# Field in Subject Line Mail Merge Using Word 2010



## rexhvn (Jan 7, 2016)

Hi All,

I am hoping for some assistance please. I am wanting to add a data source from my excel spreadsheet into my subject line however I do not have the add on tool for Mail Merge.

Is there any other way I can do it such as VBA code? If so, help would be greatly appreciated.

Thanks,


----------



## Macropod (Jan 8, 2016)

To do that, you would have to use Outlook as the email app, since Outlook automation would be required. The Many-to-One Mail Merge add-ins, from:
Graham Mayor at http://www.gmayor.com/ManyToOne.htm; and
Doug Robbins at http://bit.ly/1hduSCB
both use VBA to automate Outlook for this.


----------



## Macropod (Jan 9, 2016)

Correction:
You could do it with a macro like:

```
Sub Merge_To_Emails()
Application.ScreenUpdating = False
Dim i As Long
With ActiveDocument
  For i = 1 To .MailMerge.DataSource.RecordCount
    With .MailMerge
      .Destination = wdSendToEmail
      .SuppressBlankLines = True
      With .DataSource
        .FirstRecord = i
        .LastRecord = i
        .ActiveRecord = i
      End With
      .MailAddressFieldName = "Recipient_Email_Address"
      .MailSubject = .DataSource.DataFields("Subject_Line")
      .MailFormat = wdMailFormatHTML
      .Execute Pause:=False
    End With
  Next i
End With
Application.ScreenUpdating = True
End Sub
```


----------



## rexhvn (Jan 13, 2016)

Thank you so much Paul, much appreciated.

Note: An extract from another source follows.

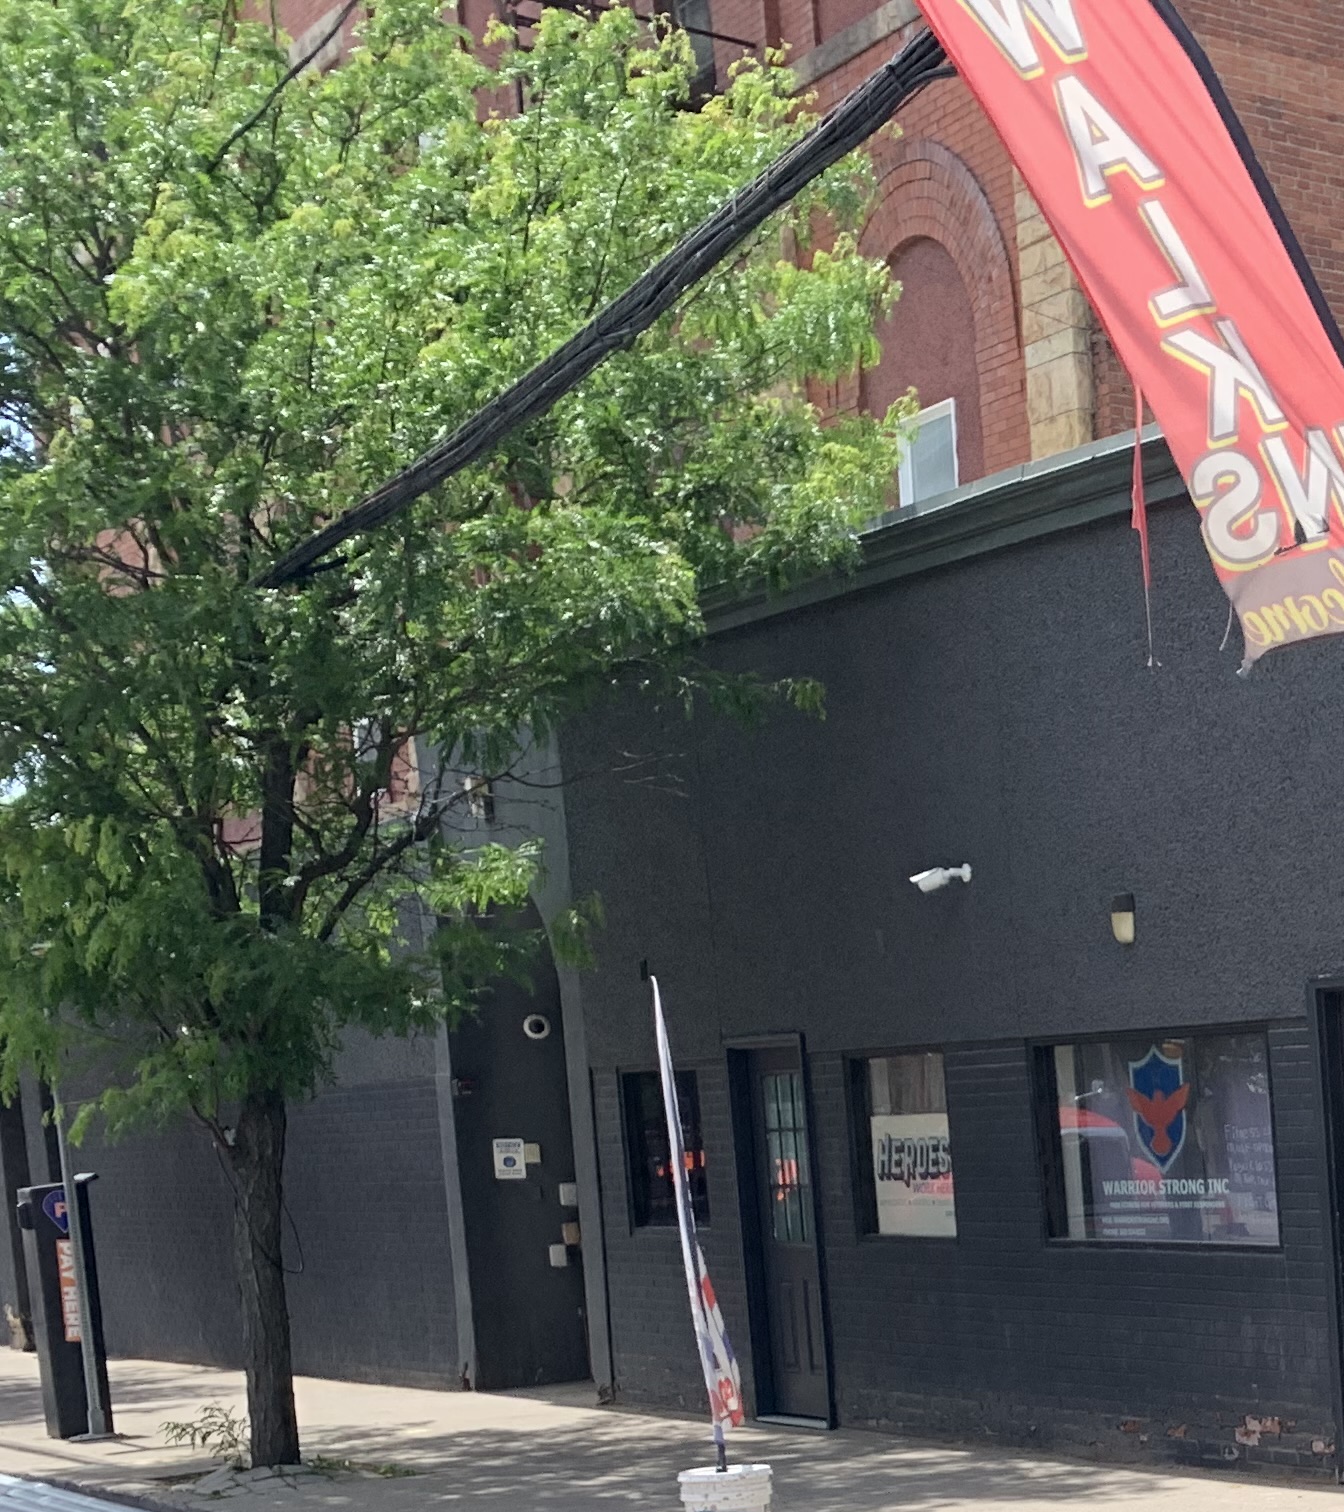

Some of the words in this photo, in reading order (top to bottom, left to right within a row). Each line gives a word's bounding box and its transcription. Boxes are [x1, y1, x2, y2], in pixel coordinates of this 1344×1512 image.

[878, 1133, 952, 1188] HEROES
[1102, 1180, 1157, 1196] WARRIOR
[1158, 1179, 1205, 1195] STRONG
[1207, 1178, 1230, 1194] INC

I use the mail merge using both excel and word using the Mail Merge Step by Step wizard, could you let me know where I should input the code? VBA via excel or Word? I've got VBA experience but not sure how this works...

Thanks you.


----------



## Macropod (Jan 13, 2016)

The macro is for Word, so you should add it to your mailmerge main document. Naturally, you will need to edit line lines:
.MailAddressFieldName = "Recipient_Email_Address"
.MailSubject = .DataSource.DataFields("Subject_Line")
to refer to your own field names.


----------



## rexhvn (Jan 28, 2016)

Macropod said:


> The macro is for Word, so you should add it to your mailmerge main document. Naturally, you will need to edit line lines:
> .MailAddressFieldName = .DataSource.DataFields("Recipient_Email_Address")
> .MailSubject = .DataSource.DataFields("Subject_Line")
> to refer to your own field names.



Thanks Paul much appreciated.

I added this Macro into my main documents and edited the fields to reflect my spread sheet. Went through the Step by Step wizard as per ususal, went to the final stage and instead of sending it normally, I run the macro but got an error.

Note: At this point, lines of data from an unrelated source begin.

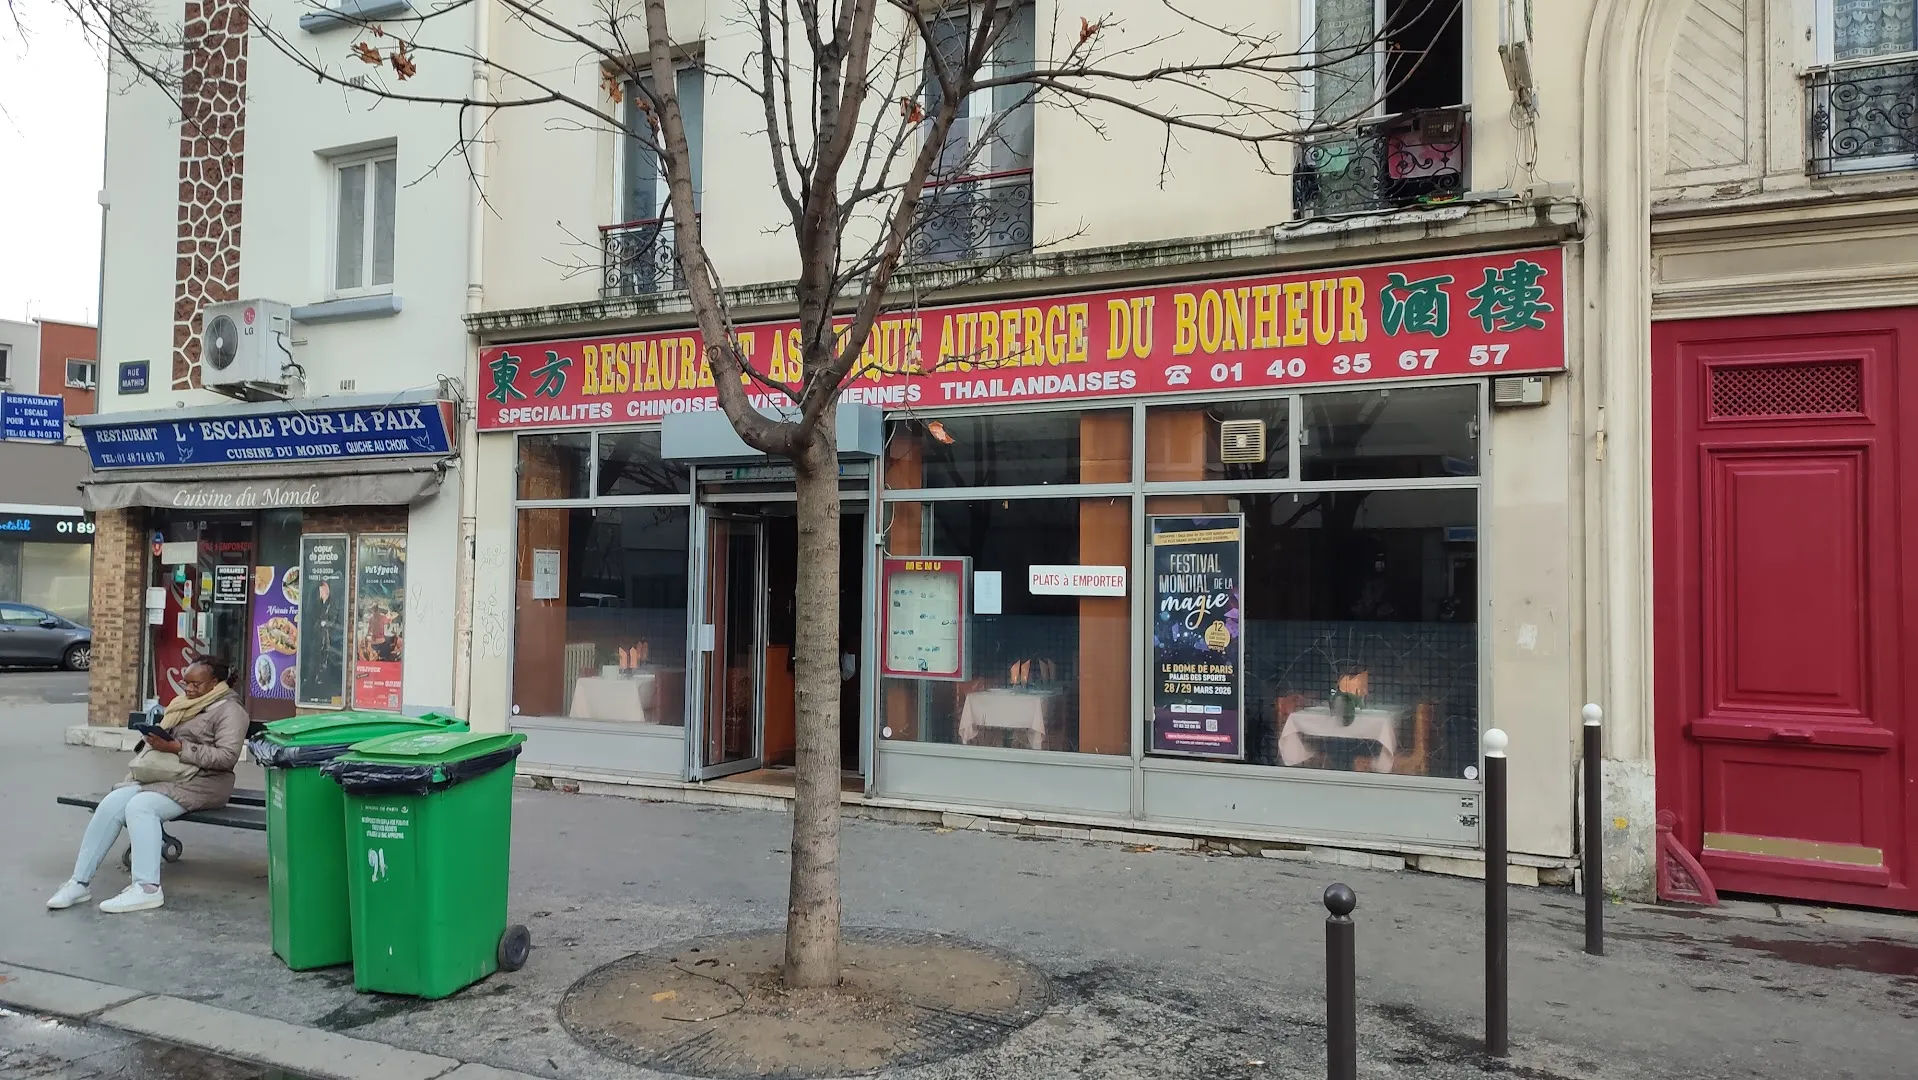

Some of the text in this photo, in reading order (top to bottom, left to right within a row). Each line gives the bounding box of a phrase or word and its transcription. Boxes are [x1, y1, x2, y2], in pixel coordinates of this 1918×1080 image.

[1380, 259, 1554, 338] 酒樓
[244, 327, 254, 336] LG
[582, 332, 755, 396] RESTAURAT
[936, 303, 1089, 372] AUBERGE
[1106, 295, 1156, 360] DU
[1173, 276, 1368, 356] BONHEUR
[127, 368, 140, 376] RUE
[486, 350, 574, 405] 東方
[122, 378, 145, 387] MATHIS
[498, 344, 1510, 424] SPECIALITES CHINOISE VIETIENNES THAILANDAISES 01 40 35 67 57
[6, 396, 59, 407] RESTAURANT
[6, 417, 60, 428] POUR LA PAIX
[96, 427, 158, 443] RESTAURANT
[277, 413, 337, 438] POUR
[338, 412, 369, 433] LA
[371, 408, 426, 432] PAIX
[27, 430, 36, 438] 48
[36, 430, 44, 438] 74
[53, 431, 61, 439] 70
[226, 438, 409, 459] CUISINE DU MONDE QUICHE AU CHOIX
[128, 453, 136, 463] 48
[137, 452, 145, 463] 74
[147, 452, 155, 462] 03
[156, 452, 165, 462] 70
[173, 484, 320, 507] Cuisine du Monde
[56, 521, 73, 533] 01
[905, 561, 941, 571] MENU
[1170, 553, 1221, 573] FESTIVAL
[1033, 574, 1124, 587] PLATS à EMPORTER
[1159, 574, 1233, 593] MONDIAL DE LA
[1161, 593, 1229, 630] magie
[1214, 622, 1223, 632] 12
[1162, 663, 1234, 675] LE DOME DE PARIS
[1203, 674, 1226, 682] SPORTS
[1164, 683, 1175, 693] 28
[1181, 683, 1192, 693] 29
[1193, 685, 1213, 694] MARS
[1214, 686, 1232, 695] 2026

Error: Run-Time Error '5630' Word cannot merge documents that can be distributed via mail or fax without a valid mail address. Chose the setup button to select a mail address data field.

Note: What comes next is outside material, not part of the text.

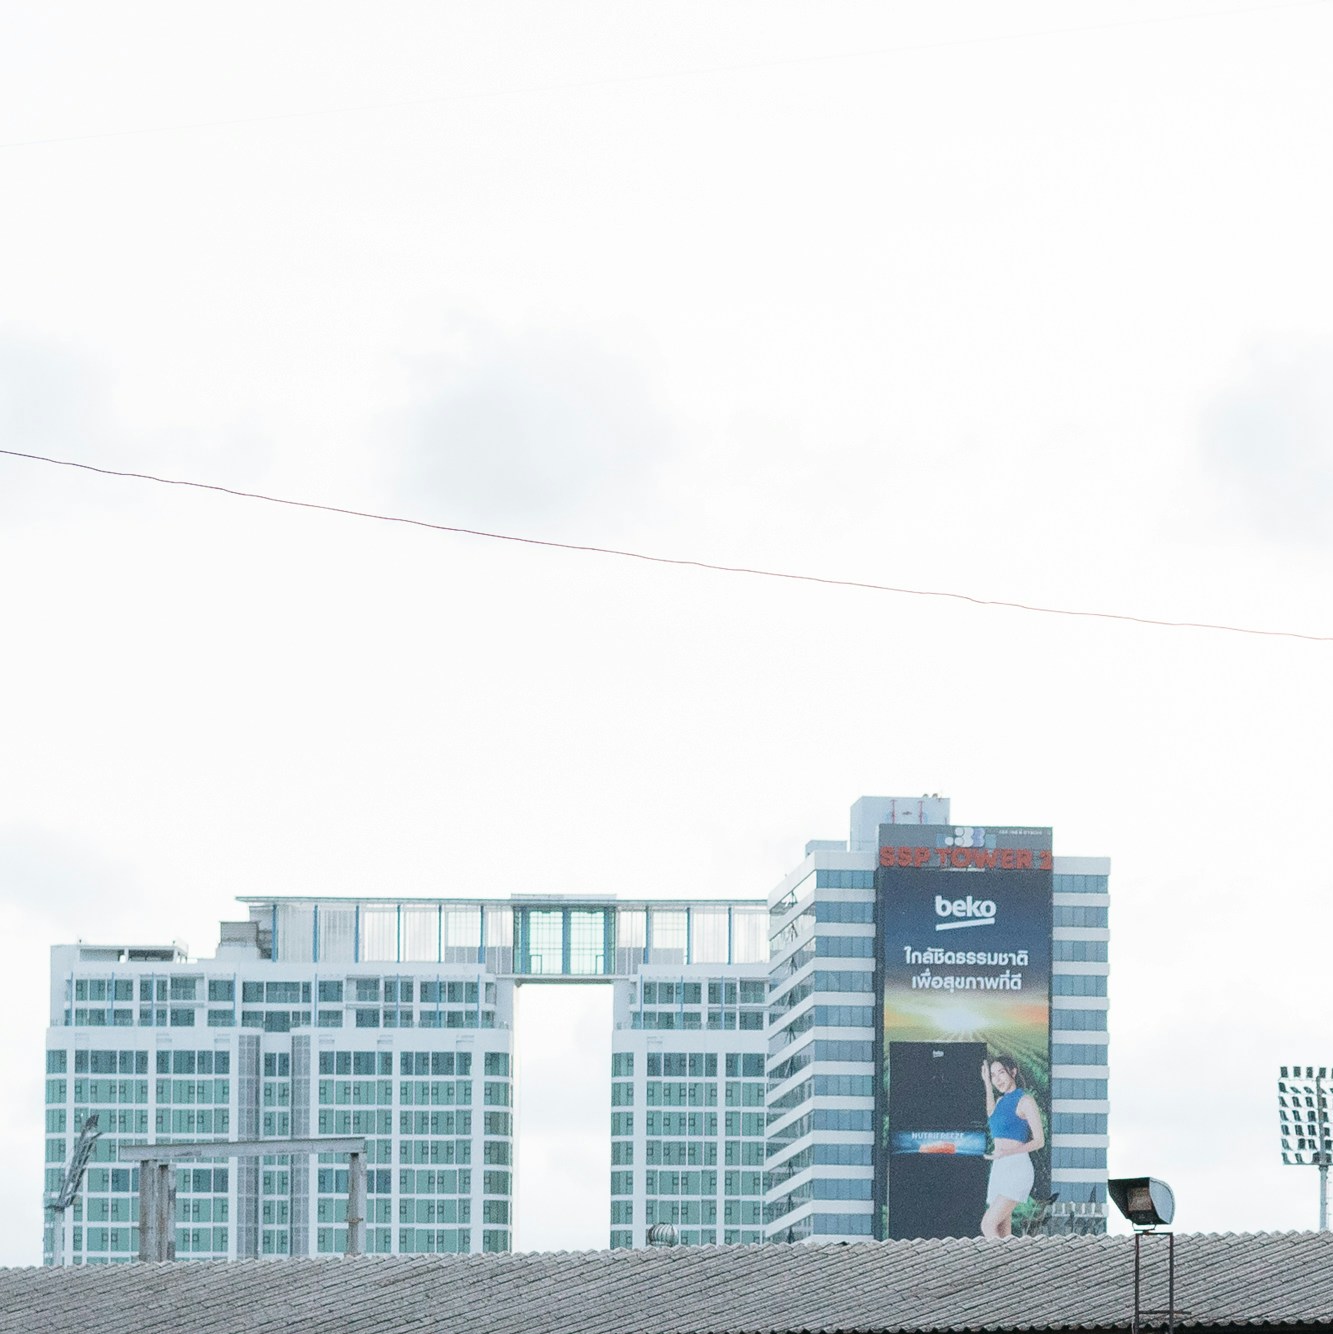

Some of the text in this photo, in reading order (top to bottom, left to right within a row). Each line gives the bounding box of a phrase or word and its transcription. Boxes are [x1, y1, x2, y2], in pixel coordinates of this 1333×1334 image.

I would also like a set a default email address that these are being sent from.

All help is appreciated.


----------



## Macropod (Jan 28, 2016)

Did you edit 'Recipient_Email_Address' as advised?

You cannot specify a default 'send' email address in code; the only way to change the default is by changing the default email account of the user sending the emails.


----------



## wordeo (Feb 14, 2019)

I found this to work when I replaced the line

.MailAddressFieldName = "Recipient_Email_Address"

with 

.MailAddressFieldName = "Email"

credit goes for the solution goes to Macropod for the original solution posted here and Bluejay07 for the edit at https://www.tek-tips.com/viewthread.cfm?qid=1714151 posted on 12 Jul 13 15:56


The following is the code I'm using


```
Sub Merge_To_Emails()
Application.ScreenUpdating = False
Dim i As Long
With ActiveDocument
  For i = 1 To .MailMerge.DataSource.RecordCount
    With .MailMerge
      .Destination = wdSendToEmail
      .SuppressBlankLines = True
      With .DataSource
        .FirstRecord = i
        .LastRecord = i
        .ActiveRecord = i
      End With
      .MailAddressFieldName = "email"
      .MailSubject = .DataSource.DataFields("Subject")
      .MailFormat = wdMailFormatHTML
      .Execute Pause:=False
    End With
  Next i
End With
Application.ScreenUpdating = True
End Sub
```

This was my first time making a macro. So note to newbies to use this code you have to click on the Macros button in word go to create a macro name that is appropriate or use 
Merge_To_Emails to keep changes to a minimum


----------



## wordeo (Feb 14, 2019)

I also had to save my word document as a .docm document forst (macro enabled)


----------



## Debbie1305 (Feb 20, 2019)

Hi folks

I have tried using this in word, can I add a CC field? When I run the macro nothing happens, which areas to I need to change to point to my source spreadsheet?

Thanks


----------



## rexhvn (Jan 7, 2016)

Hi All,

I am hoping for some assistance please. I am wanting to add a data source from my excel spreadsheet into my subject line however I do not have the add on tool for Mail Merge.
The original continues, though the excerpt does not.